#### WORK REQUIRED
Reproduce the listing in full, pictures excluded.

#### DATA FOR THE TASK
>>>

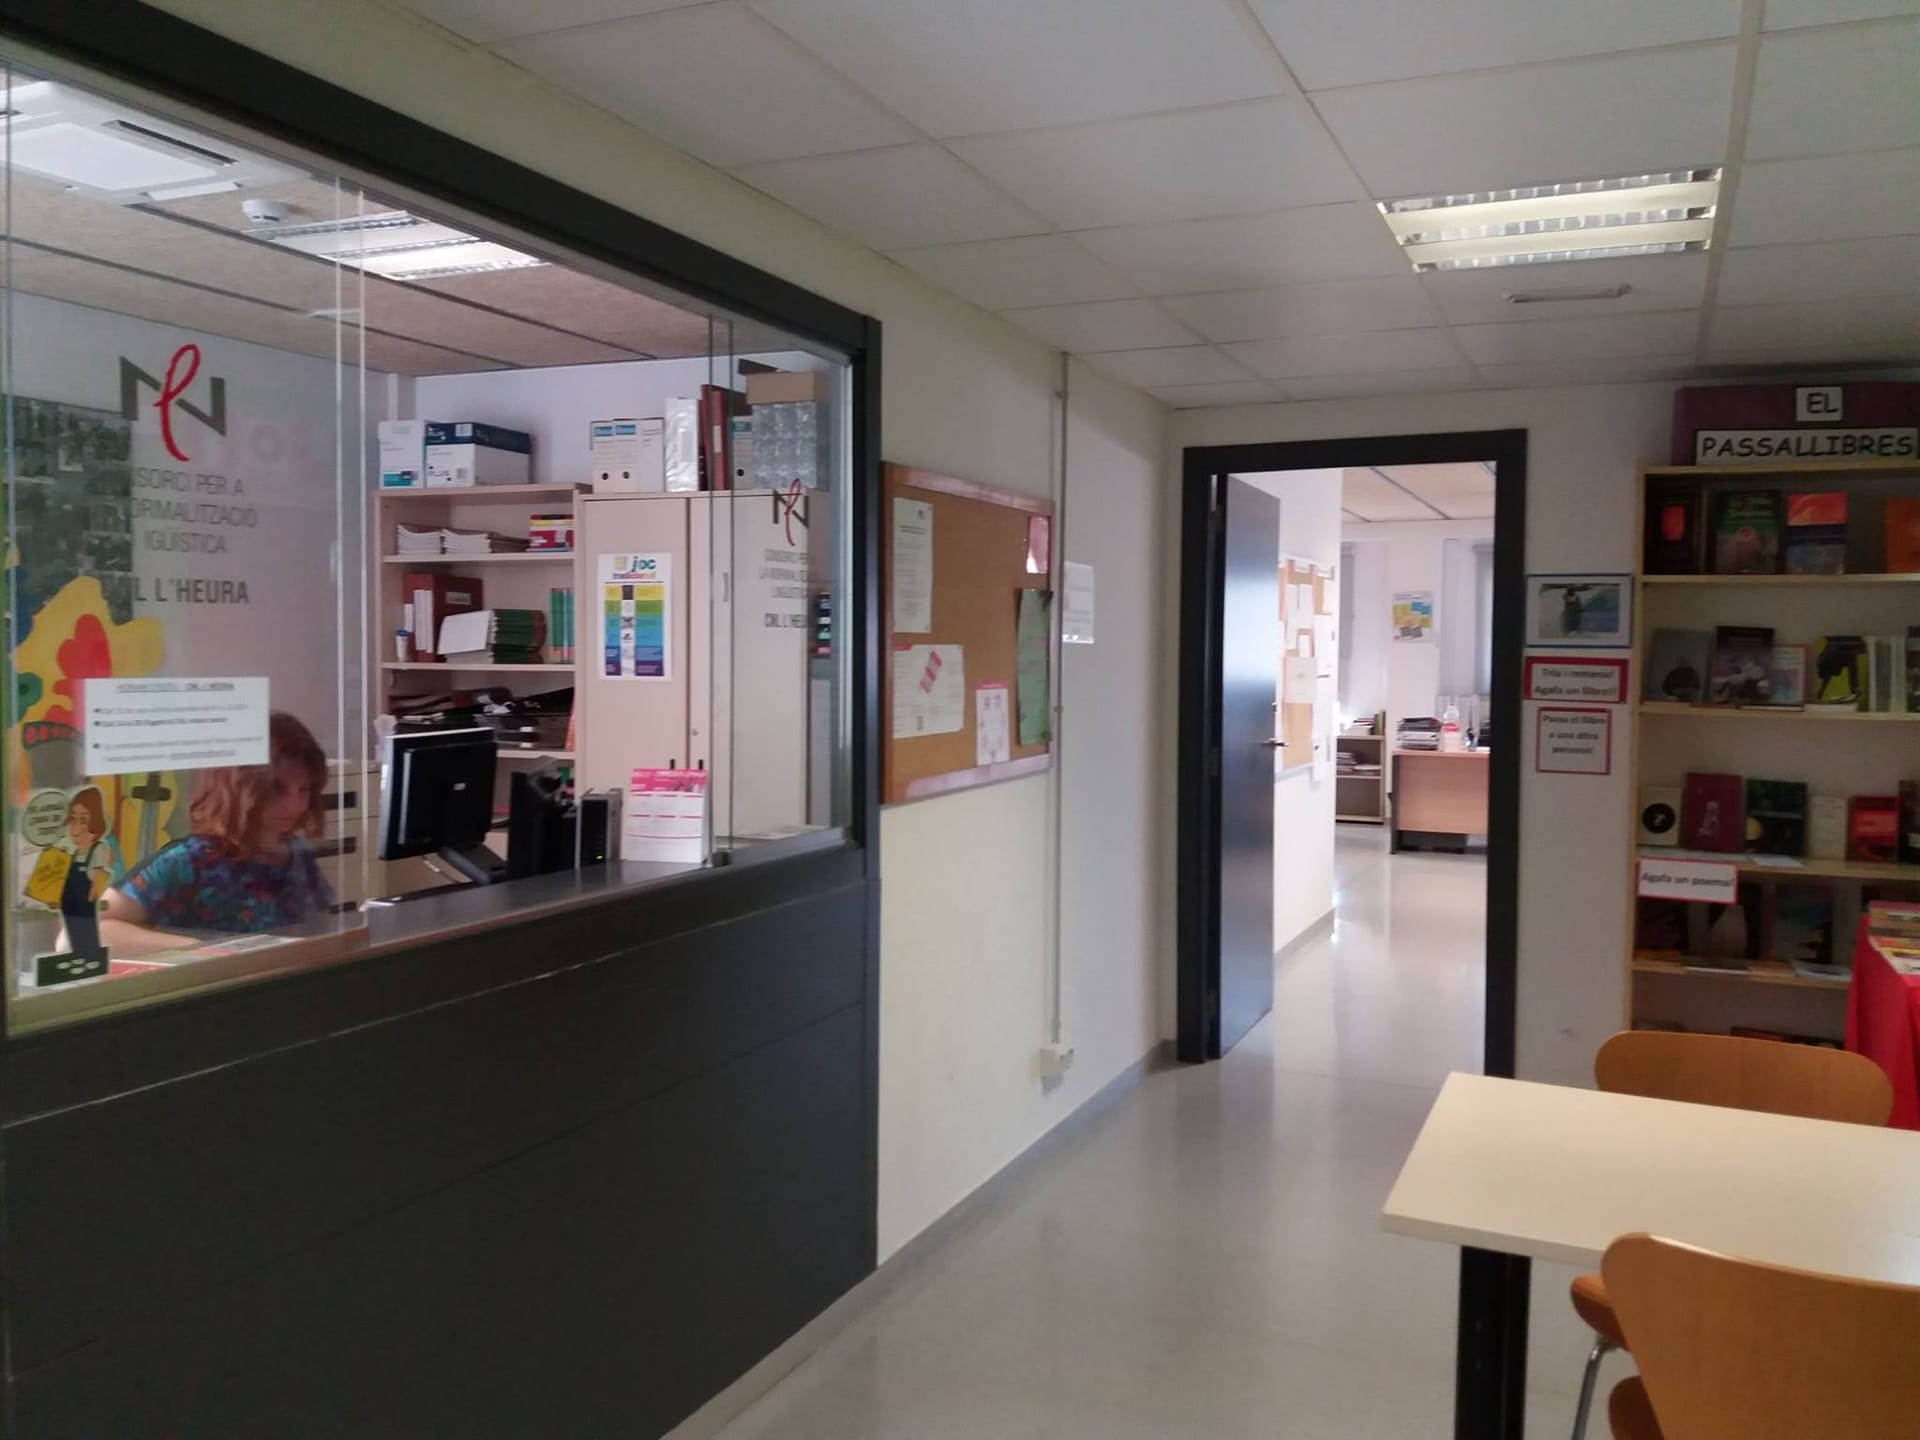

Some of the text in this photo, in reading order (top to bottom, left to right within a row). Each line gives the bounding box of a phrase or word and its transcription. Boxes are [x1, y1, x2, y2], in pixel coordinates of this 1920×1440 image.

[1806, 392, 1840, 414] EL
[1702, 434, 1913, 457] PASSALLIBRES
[196, 473, 226, 494] PER
[232, 478, 245, 497] A
[155, 577, 249, 604] L'HEURA

<<<

#### FINISHED TASK
Some of the text in this photo, in reading order (top to bottom, left to right within a row). Each line gives the bounding box of a phrase or word and its transcription. Boxes are [x1, y1, x2, y2], in pixel coordinates of this 1920×1440 image.

[1806, 392, 1840, 414] EL
[1702, 434, 1913, 457] PASSALLIBRES
[196, 473, 226, 494] PER
[232, 478, 245, 497] A
[155, 577, 249, 604] L'HEURA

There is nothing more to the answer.